841.24/5–2945

No. 1180
The Secretary of State to the President1

secret

Memorandum for the President

1.
I have had prepared a new draft reply2 from you to the Prime Minister’s telegram of May 283 regarding Lend-Lease during the Japanese War. It would assure the Prime Minister that it is your intention that deliveries should be made for the prosecution of the war against Japan in accordance with schedules and other terms prepared by Army, Navy, and F. E. A. supply officers in consultation with British representatives last November4 as modified in the light of changing strategic plans as well as of supply, procurement, and allocation considerations. It would remind the Prime Minister that the British dollar position remains at a reasonable level which should permit some relaxation of the exceedingly tight policy of the British with respect to dollar payments.
2.
The schedules prepared last November and modified continuously in the light of changing circumstances are based solely on the efficient prosecution of the war against Japan and have been so presented to the Congress on three occasions: (1) Last November on the conclusion of the Phase II discussions5 and prior to the release of a statement by Secretary Morgenthau and Messrs. Stettinius and Crowley in the United States6 and of an address by the Prime Minister [Page 1178]before the House of Commons;7 (2) Last March and April in hearings on the extension of the Lend-Lease Act;8 and (3) Three weeks ago in hearings on the Lend-Lease appropriation.9
3.
The munitions schedules are in three parts: ground forces, air, and naval. The ground forces schedules and conditions were originally signed on October 23, 1944, by Under Secretary Patterson and Generals Somervell and Clay. The air and fleet air arm schedules and conditions were originally signed on October 31, 1944 by Under Secretary Patterson, Assistant Secretaries Lovett and Gates, General Arnold and Vice-Admiral Fitch. The naval schedules and conditions were originally signed on November 10, 1944, by Vice-Admiral Home. As indicated above, these schedules are constantly subject to strategic and supply decisions of the Joint Chiefs of Staff.10
4.
The non-munitions schedules11 were worked out by Mr. Crowley with representatives of appropriate civilian and military agencies and are also subject to changing strategic and supply considerations. They include only items for the support of the British civilian population in the effective prosecution of the war against Japan, and in no case items relating to rehabilitation and reconstruction of Britain, nor items for export or export manufacture. The principal items are: (1) food; (2) raw materials (cotton, pulp and paper, timber, and synthetic rubber which is matched by reverse lend-lease of crude rubber); (3) petroleum; and (4) shipping services.
5.
Mr.
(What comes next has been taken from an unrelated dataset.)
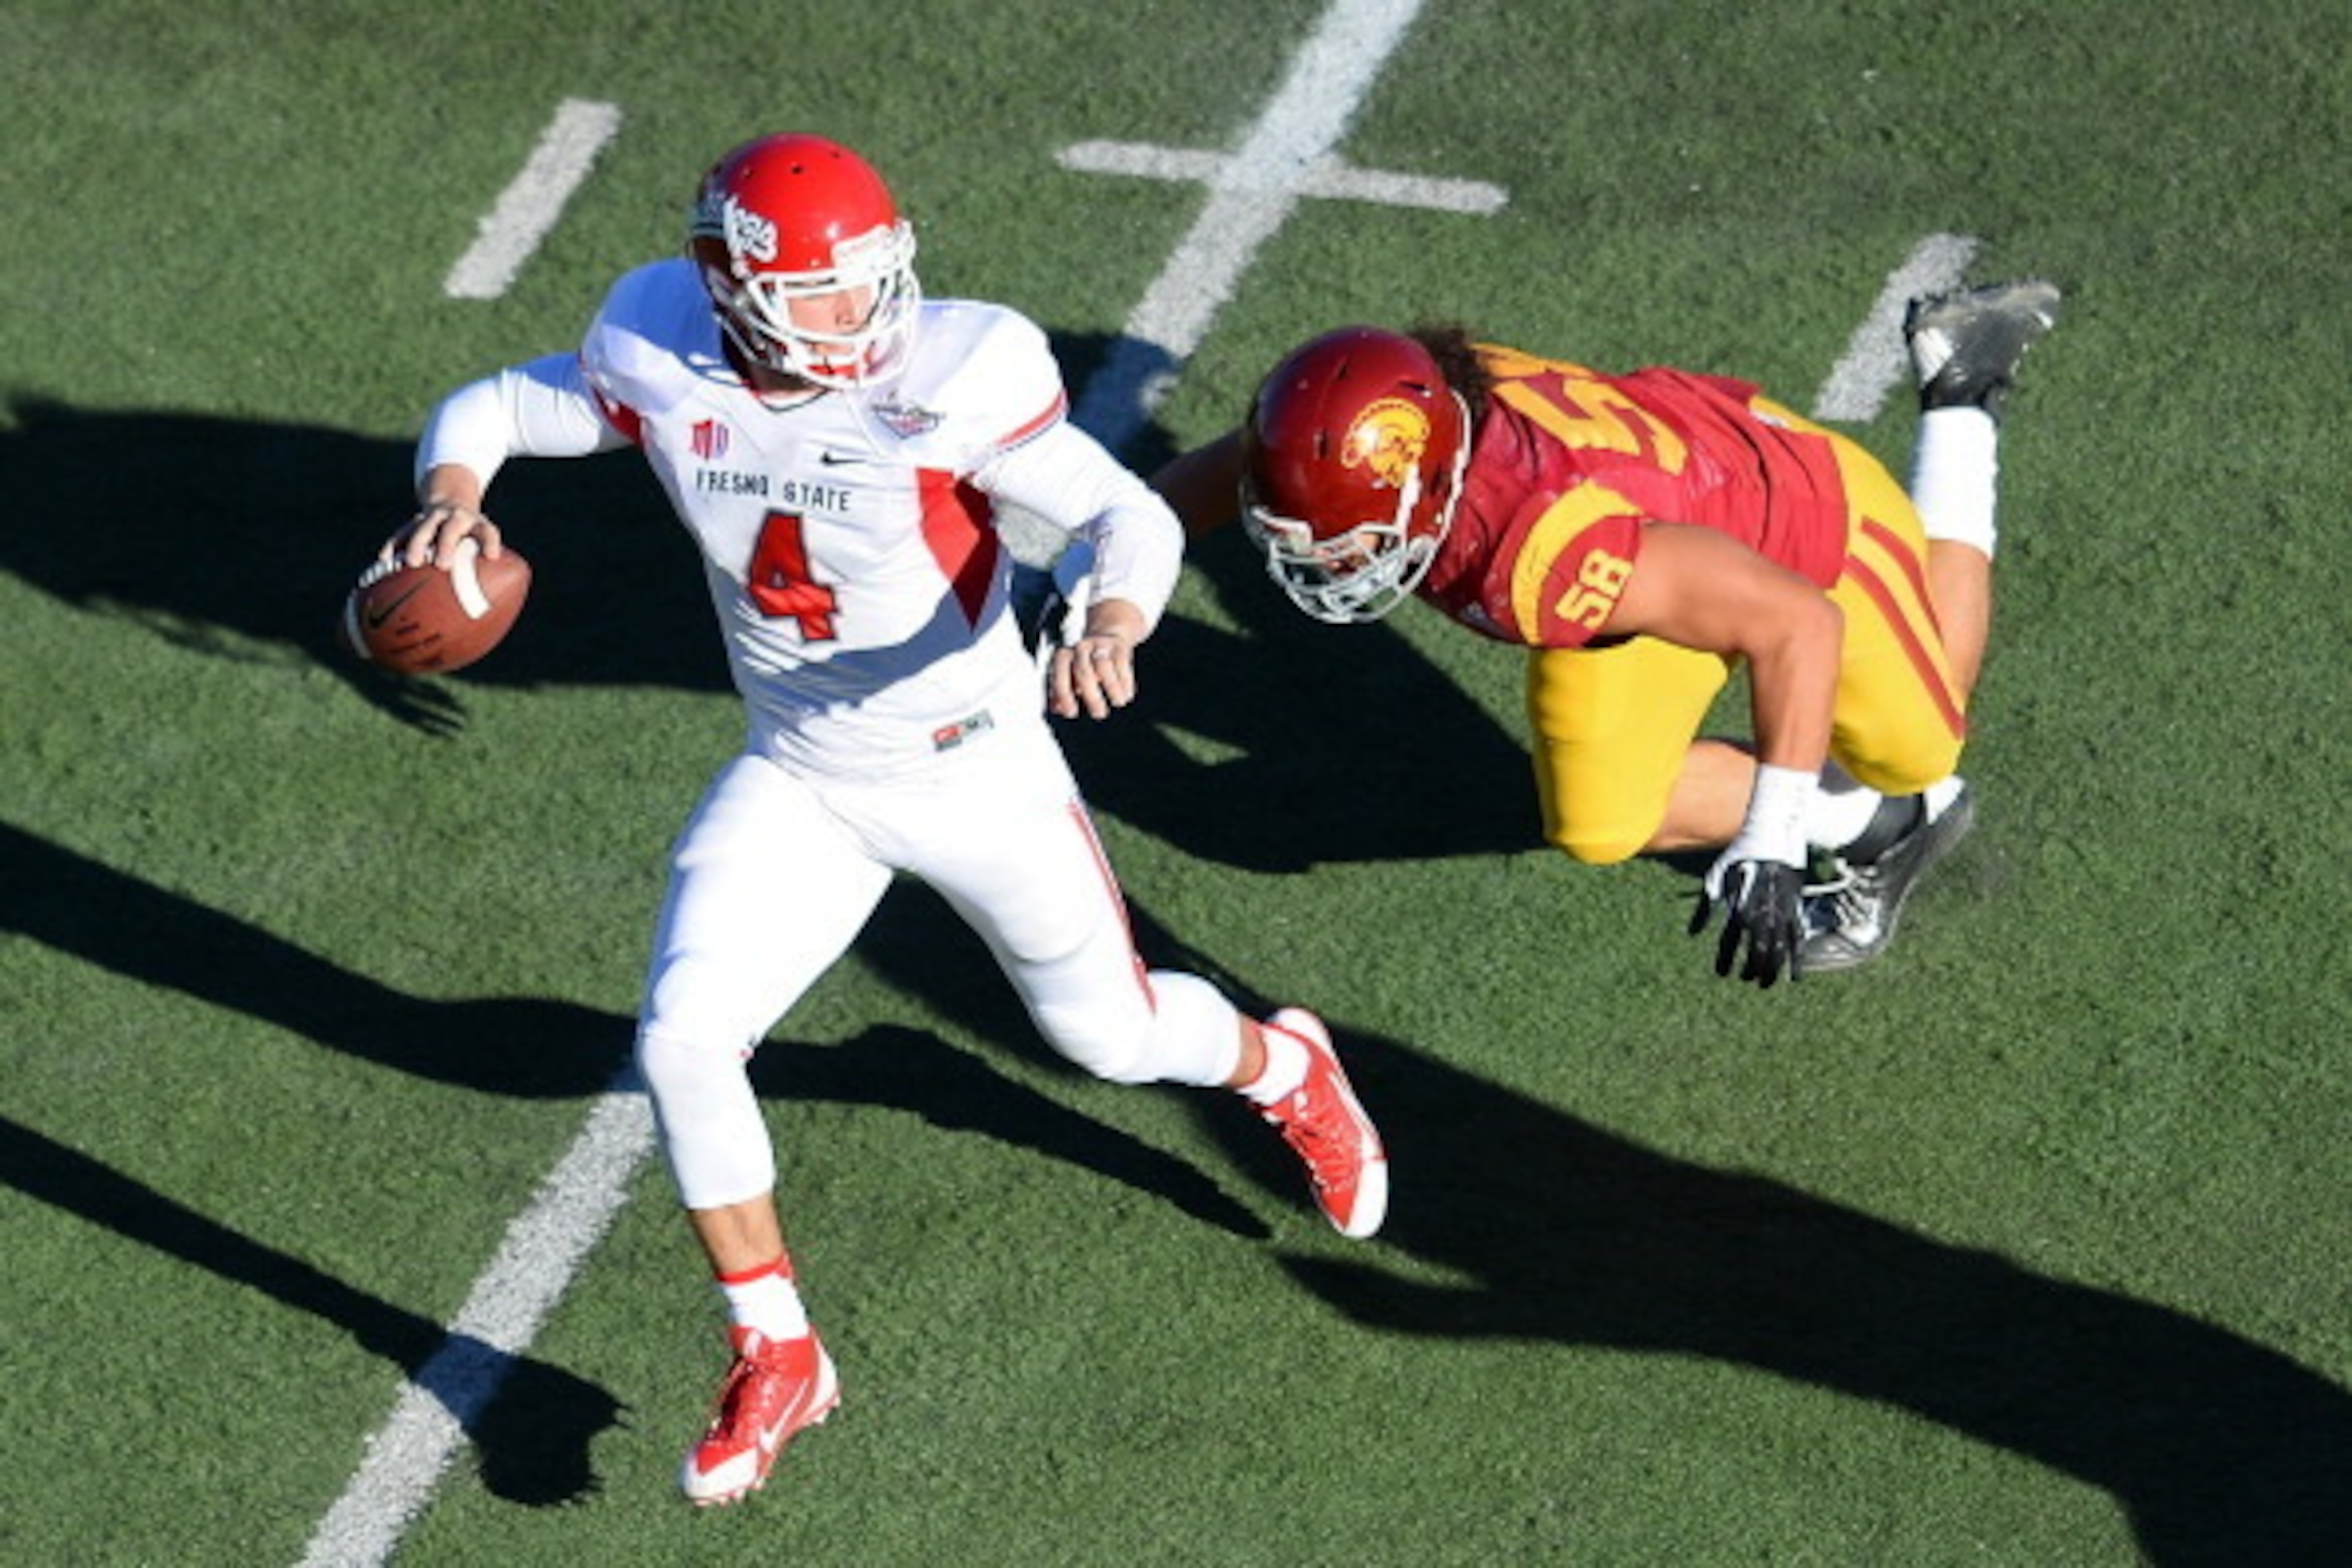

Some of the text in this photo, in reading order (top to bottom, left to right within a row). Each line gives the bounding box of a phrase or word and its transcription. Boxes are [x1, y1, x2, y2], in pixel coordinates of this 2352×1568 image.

[696, 468, 851, 511] FRESNO STATE
[748, 508, 841, 644] 4
[1555, 548, 1633, 631] 58
Crowley in the Jane hearings on the Lend-Lease appropriation spelled out in some detail the non-munitions or FEA schedules, and the Congress appropriated the funds as requested.
6.
I believe that these schedules have been prepared and are being handled in accord with the letter of the Lend-Lease Act and with the intent of the Congress and of yourself that Lend-Lease shall be used only in the prosecution of the war against Japan. The Congress has recently had an opportunity to examine the matter in [Page 1179]connection with the appropriation bill and has signified its concurrence by making the funds available.
7.
I therefore recommend that Lend-Lease deliveries to the British Commonwealth proceed in accordance with the above, and that you reply to the Prime Minister as suggested in the attached draft memorandum.
  1. Printed from an unsigned and undated carbon copy typed subsequently. Collado, in an interview with a Department of State historian on April 5, 1954, supplied the information that this memorandum was submitted to Truman by Byrnes at Babelsberg.
  2. The attached paper is identical with document No. 1181.
  3. See vol. i, document No. 537, footnote 5.
  4. See vol. i, document No. 537, footnote 3.
  5. “Phase II” as applied to lend-lease signifies the period between the defeat of Germany and the surrender of Japan.
  6. Text in Leland M. Goodrich and Marie J. Carroll, eds., Documents on American Foreign Relations, July 1944–june 1945 (Princeton, 1947), p. 140.
  7. On November 30, 1944. See Parliamentary Debates: House of Commons Official Report, 5th series, vol. 406, cols. 69–74.
  8. i. e., the hearings before the House Committee on Foreign Affairs, 79th Congress, 1st Session, February 7–March 6, 1945, printed under the caption, Extension of Lend-Lease Act (Washington, Government Printing Office, 1945), and those before the Senate Committee on Foreign Relations, March 28 and April 4, 1945, printed under the caption, Lend-Lease (Washington, Government Printing Office, 1945). For the text of the Lend-Lease Act, approved March 11, 1941, see 55 Stat. 31; for the extension referred to, approved April 16, 1945, see 59 Stat. 52.
  9. i. e., the hearings before the Subcommittee on Deficiency Appropriations of the House Committee on Appropriations, June 13–15, 1945, printed under the caption, Second Deficiency Appropriation Bill for 1945 (Washington, Government Printing Office, 1945), and those before the Subcommittee on Deficiency Appropriations of the Senate Committee on Appropriations, June 28, 1945, also printed under the caption. Second Deficiency Appropriation Bill for 1945 (Washington, Government Printing Office, 1945).
  10. The schedules referred to are not printed.
  11. Not printed.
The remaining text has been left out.